I hadn’t seen them since 2009, when my mother was still alive and these burgeoning teenagers were in a previous age category altogether. I imagine that, to them, I’m someone who exists mostly in stories relayed overseas from my parents to their parents and older cousins. “Zinzi graduated from Columbia”; “Zinzi has a new boyfriend.” It made their enthusiastic welcome even more special.

On my third day there, I was still reacquainting myself with my family and the country. My grandfather was in the hospital again. Citizens were up in arms about electronic toll collection that had been instituted on major highways around the city. Crime, my family said, was higher than ever. When driving, we stored our belongings on the floor or in the trunk so they wouldn’t be visible to robbers at red lights.

That third morning, I was still sleepy from jet lag, and I woke in the late morning. My aunt caught me in the hallway of her suburban home. She didn’t want to wake me with bad news. Nelson Mandela had died early in the morning, she told me, barely twenty minutes away, in a tony neighborhood very similar to the one we were in.

The day flashed by. We spent hours watching tribute specials on TV; in the evening, my adult cousins and I drank wine and ate Chinese food together and discussed the day’s events. They were nervous, as many South Africans are, that in the absence of its moral compass, the African National Congress (the left-leaning party that has been in dominance since Independence) will gain too much power and become further corrupt. (The much-televised boos at Mandela’s memorial service were for current President, Jacob Zuma, who at the time of my visit was under investigation for spending millions on frivolous upgrades to his private home.)

Mandela’s death was a shock to no one; he was 95, and had been in ailing health for years.
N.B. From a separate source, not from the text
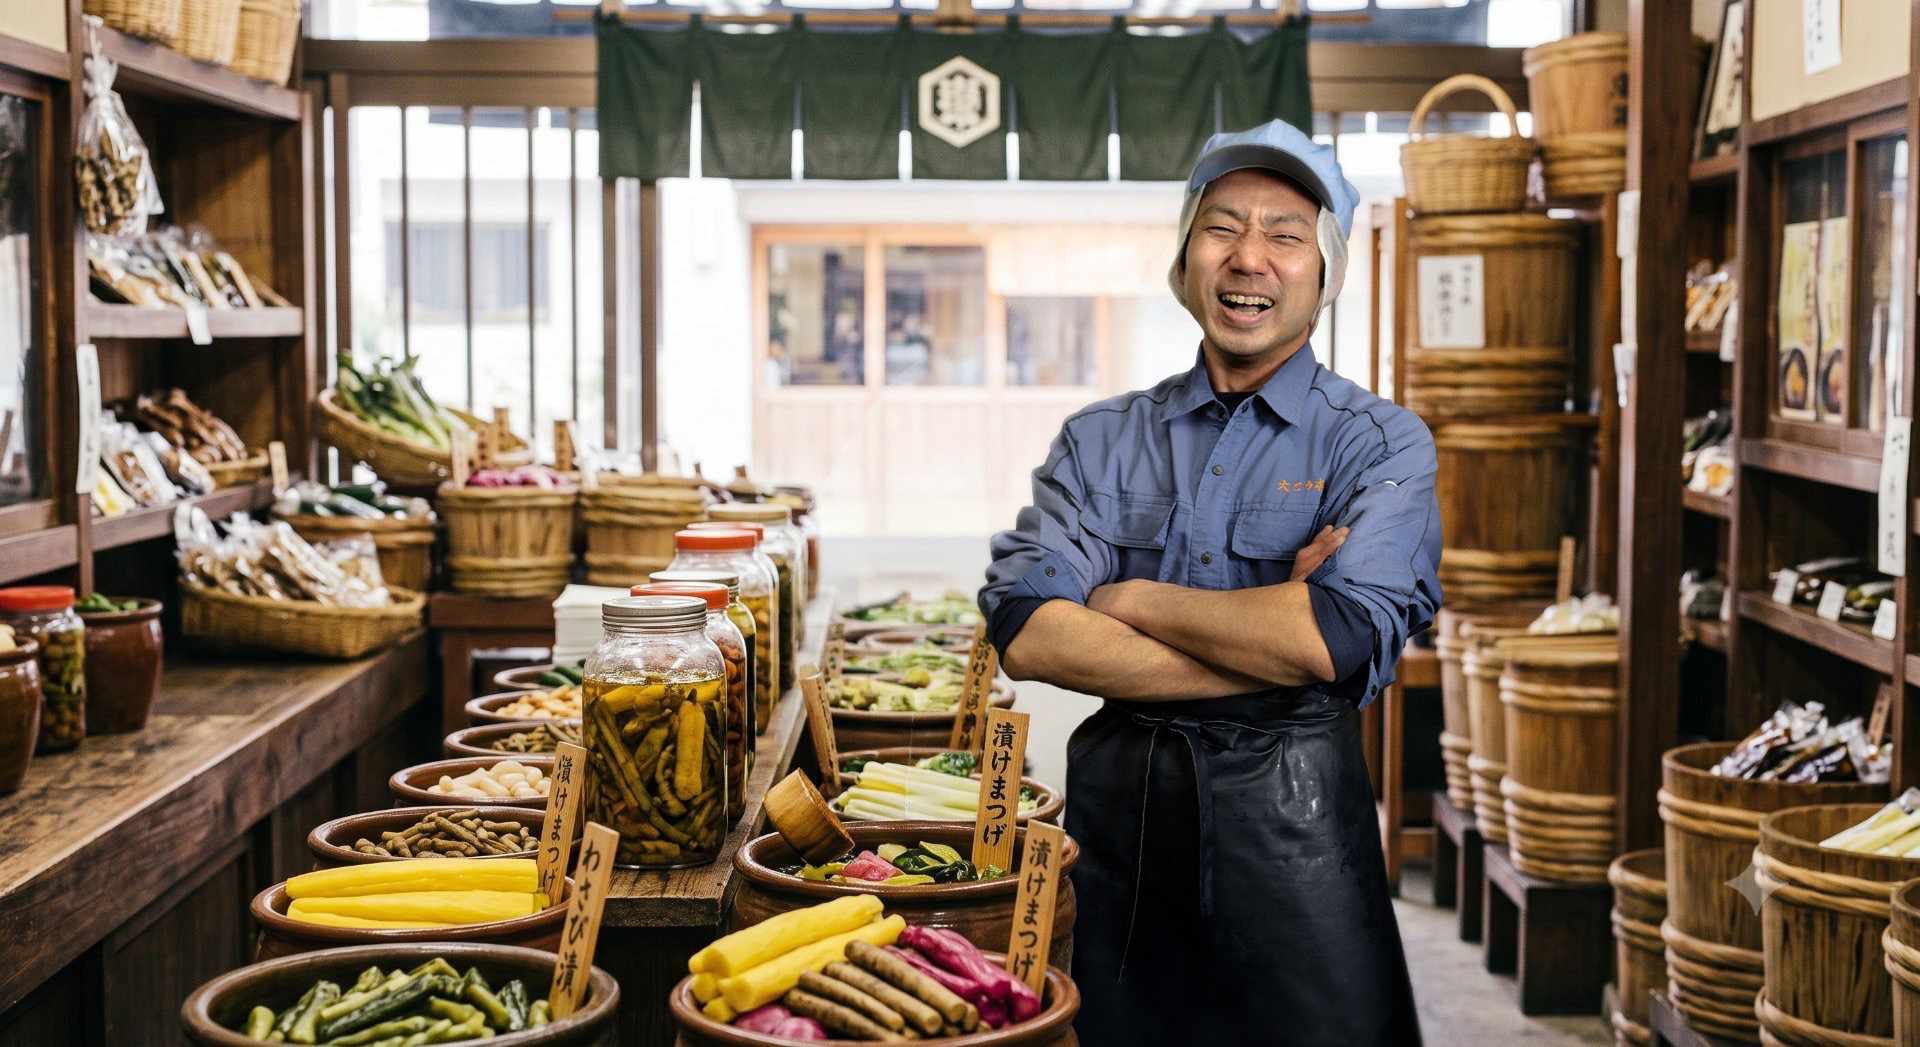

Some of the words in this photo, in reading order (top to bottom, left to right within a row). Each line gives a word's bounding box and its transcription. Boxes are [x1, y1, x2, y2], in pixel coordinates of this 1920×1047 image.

At the time, there was speculation that he had been vegetative for months, but his family had kept him alive in order to buy more time to manipulate his will. His grandson was embroiled in an embarrassing lawsuit for illegally exhuming the bodies of Mandela’s children to build a tourist attraction out of their gravesites. A reality show featuring his granddaughters started airing in 2013. To me, this reflects little on Mandela himself, but is rather a testament to the ubiquity of family drama, and its conduciveness to reality TV plotlines.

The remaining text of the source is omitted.